1) It all started with CVC words.
Many reading programs for beginners focus first on three-letter, single-syllable words which have the form “Consonant-Vowel-Consonant” (CVC). Almost all of these words have a short vowel and most programs teach only those CVC words with a short vowel. The reason for teaching these words first is that it builds confidence. The students are never faced with ambiguities -- every letter in every word has only one sound. There are about 340 CVC words with a short vowel in the English language (ignoring proper nouns). Beginners can, at least, pronounce these words even if they have never seen a particular word before or do not have it in their verbal vocabulary.

2) But that has limitations:
It’s not easy to create interesting sentences with 340 CVC words alone. About the best we can do is write sentences like, “Six big pigs can get gas”.

3) Adding ADDITIONAL short-vowel, single-syllable words helps BYPASS THOSE LIMITATIONS:

We added other single-syllable short-vowel words (stretch, clamp, match, and so on -- there are at least a thousand such words) we also added prefixes and suffixes with short vowels. This means we can expand the complexity of possible sentences, for instance, “Sixty bigger piglets living in filth did not mess with the rotten rats”.

4) Adding short-vowel, multi-syllable words helps more:

We then selected and added a couple of thousand multi-syllable words which contain only short vowels (words such as “terrific and “peripatetic”, we can then write much more interesting sentences which are complex grammatically, but easy-to-read.

5) Adding 46 digraphs and trigraphs, which we call letter combinations, greatly expands the versatility of our list of words:

These letter-combinations are treated (spelled and read) as though they are letters with specific speech-sounds. We wound up adding aer, ai, air, all, ally, ar, au, aw, ay, ch, ea, ear, ee, er, ice, ie, ine, ing, ink, ir, kn, le, oa, oe, oi, oo, ook, or, ou, ow, oy, qu, sh, sky, th, ue, ur, wh and wr.

We also show that “a”, “e”, “o”, “le”, “ly” and “y” have a special pronunciation when they are at the end of a word. We also show that “y” inside a word is pronounced uniquely. (see page 7)

That basically gave us an alphabet with 72 letters and an almost perfectly phonetic list of more than 9,660 regularly spelled words -- without changing the spelling of any of those words.

6) WE DO NOT INCLUDE CERTAIN WORDS WHICH CONTAIN AWKWARD SPELLING:
6.1) All words with soft “c” and soft “g’ are not included.
6.2) “ph” for /f/ is not included.
6.3) “ough”, “ight”, “eau” and the like are not included.
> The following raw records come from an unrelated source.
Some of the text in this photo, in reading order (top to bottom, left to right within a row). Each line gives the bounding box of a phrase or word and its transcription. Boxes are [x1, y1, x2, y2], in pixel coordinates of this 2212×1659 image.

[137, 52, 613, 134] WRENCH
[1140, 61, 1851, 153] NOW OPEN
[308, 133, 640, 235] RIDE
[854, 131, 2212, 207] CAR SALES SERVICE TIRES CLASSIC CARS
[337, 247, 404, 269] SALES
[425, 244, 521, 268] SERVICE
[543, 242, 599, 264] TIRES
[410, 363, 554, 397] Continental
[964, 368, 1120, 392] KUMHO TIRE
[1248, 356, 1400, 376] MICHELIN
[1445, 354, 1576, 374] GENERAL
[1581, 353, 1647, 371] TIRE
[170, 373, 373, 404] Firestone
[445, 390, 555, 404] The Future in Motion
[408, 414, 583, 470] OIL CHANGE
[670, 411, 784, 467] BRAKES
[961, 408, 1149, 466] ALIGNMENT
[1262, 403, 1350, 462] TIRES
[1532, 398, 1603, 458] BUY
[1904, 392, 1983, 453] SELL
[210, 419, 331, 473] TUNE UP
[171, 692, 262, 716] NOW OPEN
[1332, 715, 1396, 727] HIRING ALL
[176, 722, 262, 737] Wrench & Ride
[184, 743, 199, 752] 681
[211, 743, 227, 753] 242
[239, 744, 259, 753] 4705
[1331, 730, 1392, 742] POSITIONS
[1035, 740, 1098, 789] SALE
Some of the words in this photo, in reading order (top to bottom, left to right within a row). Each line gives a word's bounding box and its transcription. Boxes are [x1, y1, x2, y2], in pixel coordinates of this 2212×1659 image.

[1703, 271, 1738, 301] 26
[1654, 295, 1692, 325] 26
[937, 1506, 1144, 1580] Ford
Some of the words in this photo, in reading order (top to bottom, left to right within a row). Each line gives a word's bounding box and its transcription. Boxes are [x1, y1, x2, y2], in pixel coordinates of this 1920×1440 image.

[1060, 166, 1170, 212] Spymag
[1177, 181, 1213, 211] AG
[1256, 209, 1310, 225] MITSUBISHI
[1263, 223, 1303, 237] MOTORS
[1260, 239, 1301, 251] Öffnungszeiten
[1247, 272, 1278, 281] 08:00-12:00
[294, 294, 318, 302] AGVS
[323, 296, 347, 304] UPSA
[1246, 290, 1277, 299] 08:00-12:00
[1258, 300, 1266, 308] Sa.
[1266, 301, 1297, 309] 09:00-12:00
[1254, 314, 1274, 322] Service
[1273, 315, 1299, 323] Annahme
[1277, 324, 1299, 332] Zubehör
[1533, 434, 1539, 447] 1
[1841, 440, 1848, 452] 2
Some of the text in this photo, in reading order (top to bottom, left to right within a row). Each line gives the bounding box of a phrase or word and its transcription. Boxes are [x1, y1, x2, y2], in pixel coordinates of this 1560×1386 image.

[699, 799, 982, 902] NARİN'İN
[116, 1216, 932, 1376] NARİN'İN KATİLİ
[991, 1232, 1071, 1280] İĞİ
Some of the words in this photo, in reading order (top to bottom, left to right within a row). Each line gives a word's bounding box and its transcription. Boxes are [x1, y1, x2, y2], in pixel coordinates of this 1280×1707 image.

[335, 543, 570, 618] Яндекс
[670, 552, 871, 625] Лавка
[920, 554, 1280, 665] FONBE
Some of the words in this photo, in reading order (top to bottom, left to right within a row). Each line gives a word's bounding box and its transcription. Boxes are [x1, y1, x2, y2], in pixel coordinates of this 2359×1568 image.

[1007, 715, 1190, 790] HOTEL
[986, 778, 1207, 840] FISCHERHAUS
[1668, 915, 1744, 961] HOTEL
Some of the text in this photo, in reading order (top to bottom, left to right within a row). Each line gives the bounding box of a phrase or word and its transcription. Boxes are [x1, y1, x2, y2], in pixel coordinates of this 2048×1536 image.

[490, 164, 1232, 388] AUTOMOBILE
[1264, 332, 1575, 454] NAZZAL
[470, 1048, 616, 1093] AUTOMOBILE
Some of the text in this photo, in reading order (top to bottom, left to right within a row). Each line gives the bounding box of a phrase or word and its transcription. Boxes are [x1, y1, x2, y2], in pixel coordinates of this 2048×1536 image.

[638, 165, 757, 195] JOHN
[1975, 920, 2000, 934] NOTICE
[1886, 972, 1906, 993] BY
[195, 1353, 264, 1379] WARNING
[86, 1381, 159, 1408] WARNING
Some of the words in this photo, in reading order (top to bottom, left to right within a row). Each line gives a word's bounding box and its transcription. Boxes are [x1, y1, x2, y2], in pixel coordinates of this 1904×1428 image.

7) The following two easy-to-read sentences are examples of what can be written with the 9,000+ absolutely phonetic words:

(7.1) We now have a long list of interesting words which can be the feedstock for an endless number of interesting articles, essays and witty epigrams.
(7.2) I tried windsurfing, but I hurt my wrist on the first day -- so I quit.

The following two rules have to be observed.
1) All letters within a 2- or 3-letter-combination as shown on page #7 always abandon their individual pronunciations. The pronunciation of the combination is always used.
2) All 2-letter combinations within a 3-letter combination as shown above always abandon their individual pronunciations. The pronunciation of the 3-letter combination is always used. For instance, if the word is “ears” (an “ea” is in the “ear”) , it is pronounced ear/s -- not ee/r/s (as though it has two speech-sounds, not three).